Can confirm, Claude is quite good at this. "Intelligence" -> "Inner neural thinking enables learning, logic, insight, grasping, evaluating, navigating challenges efficiently".
this is pretty cool, here's another question, how much language compression would we get if we collapse all related words to a single synonymous word?
Here's what chatgps came up with:
Assume an English-like active vocabulary V = 50,000 word types (a rough stand-in for “distinct words” seen commonly). We could get a realistic guess of: ~30% reduction for a less modest, more aggressive embedding-style collapse in typical English text. I.e. Collapse words with similar meaning directions in vector space... happy, glad, pleased, delighted → happy
There's a nice utopian book about a world where they do this. They then even remove the comparatives and superlatives, to have for example "plushappy". And with the language controlled and simplified in this manner, everything is doubleplusgood forever.
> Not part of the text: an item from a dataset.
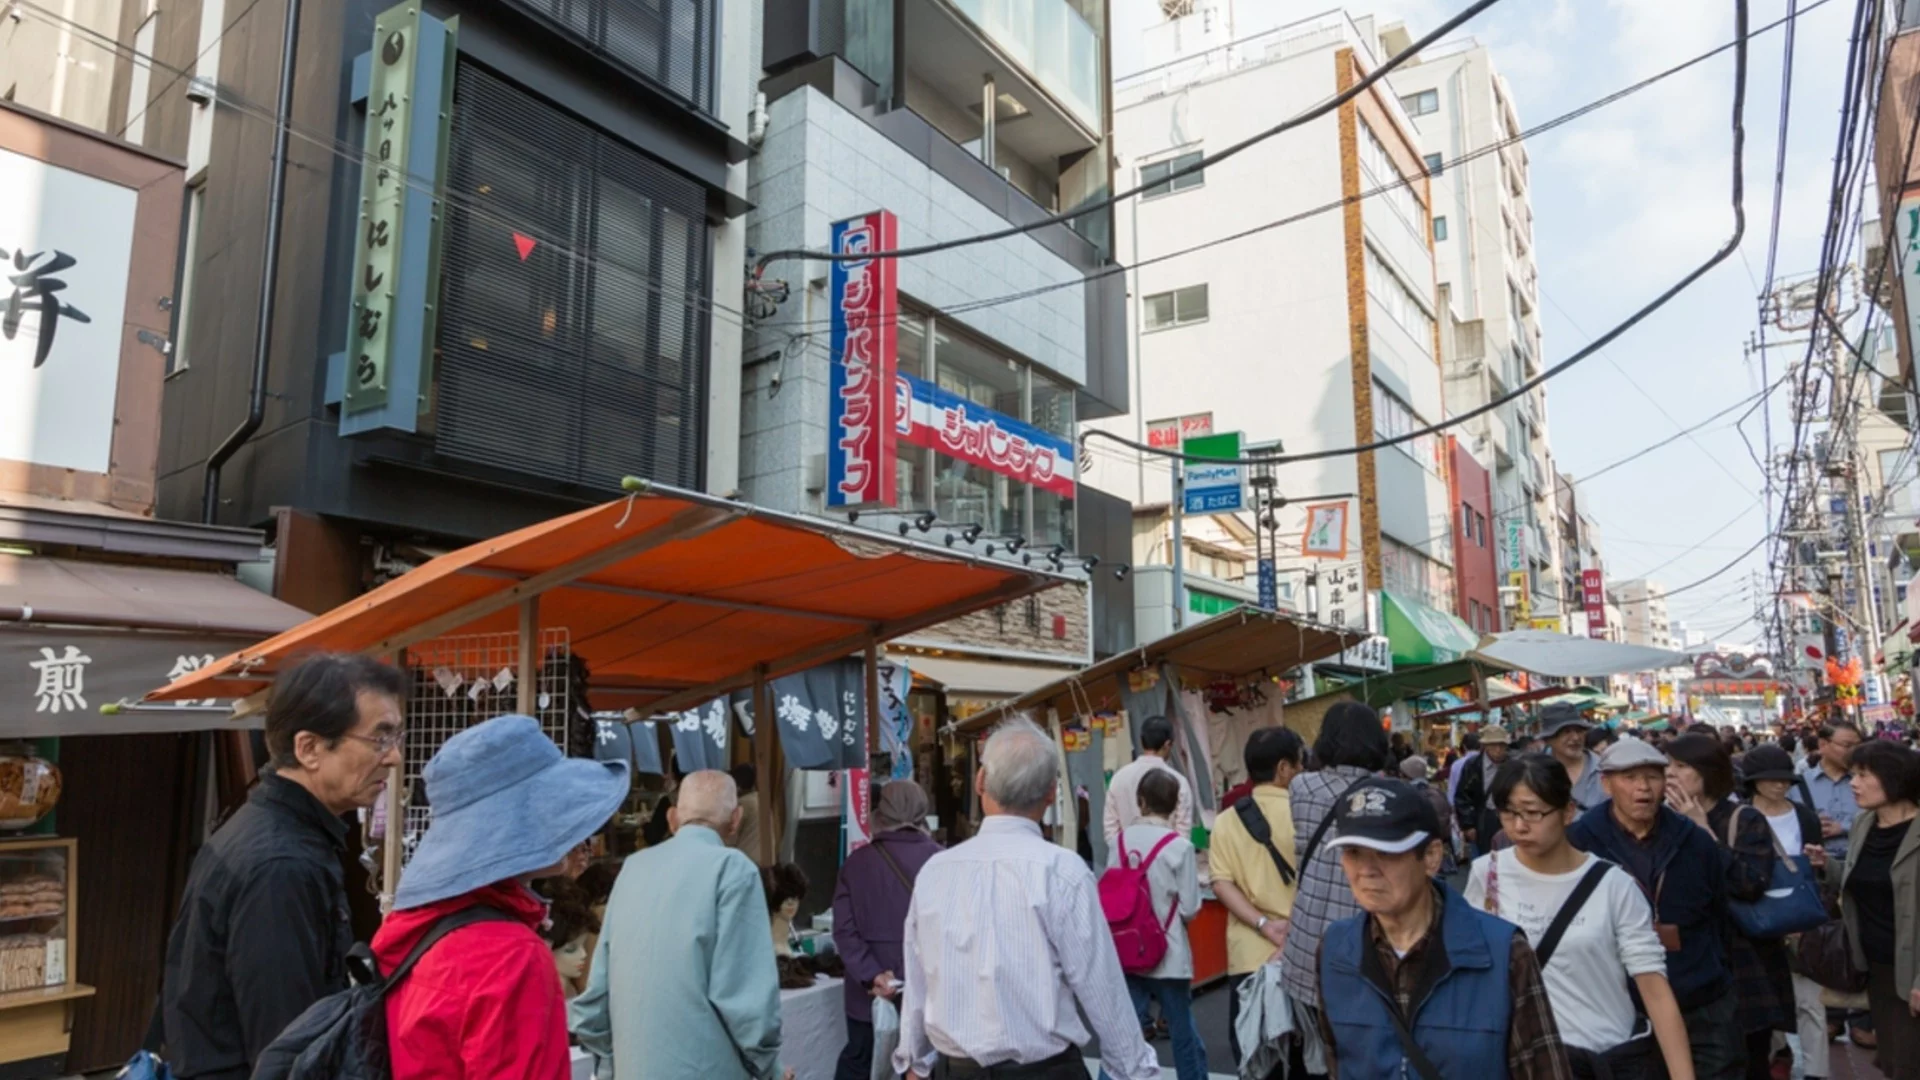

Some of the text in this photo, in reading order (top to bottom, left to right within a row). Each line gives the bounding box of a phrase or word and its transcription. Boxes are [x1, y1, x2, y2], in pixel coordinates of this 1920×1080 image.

These words all have different meaning. Because they all have different origins. Modern English (say post Shake-Speare, but especially American TV and music that is marketed globally) have grotesquely collapsed these words already.
For example
- Happy means "I'm feeling lucky." Like the old Google search button. You're happy when you say, hit your full house on the river... precisely because what just HAPPENED fulfilled your hope, but randomly and subtley perhaps without agency. This is a Norse germanic word. Its romance synonym is not pleased, rather fortunate. For example a baseball player hitting a home run off the bottom ten feet of the foul (fair) pole is and should feel happy; the same player hitting a home run entirely out of the park having successfully predicted the pitch with skill and agency, this is different. They are experiencing a different feeling. We've just forgotten the meaning of words. For example see Shakespeare "Oh happy dagger..." for a juxtaposition that is already playing with this. Obviously the inanimate object doesn't have feelings. And she is not glad or delighted, she's suicidal at that moment. It's the dagger that has won the lottery of sheathing itself in her tragic bosom?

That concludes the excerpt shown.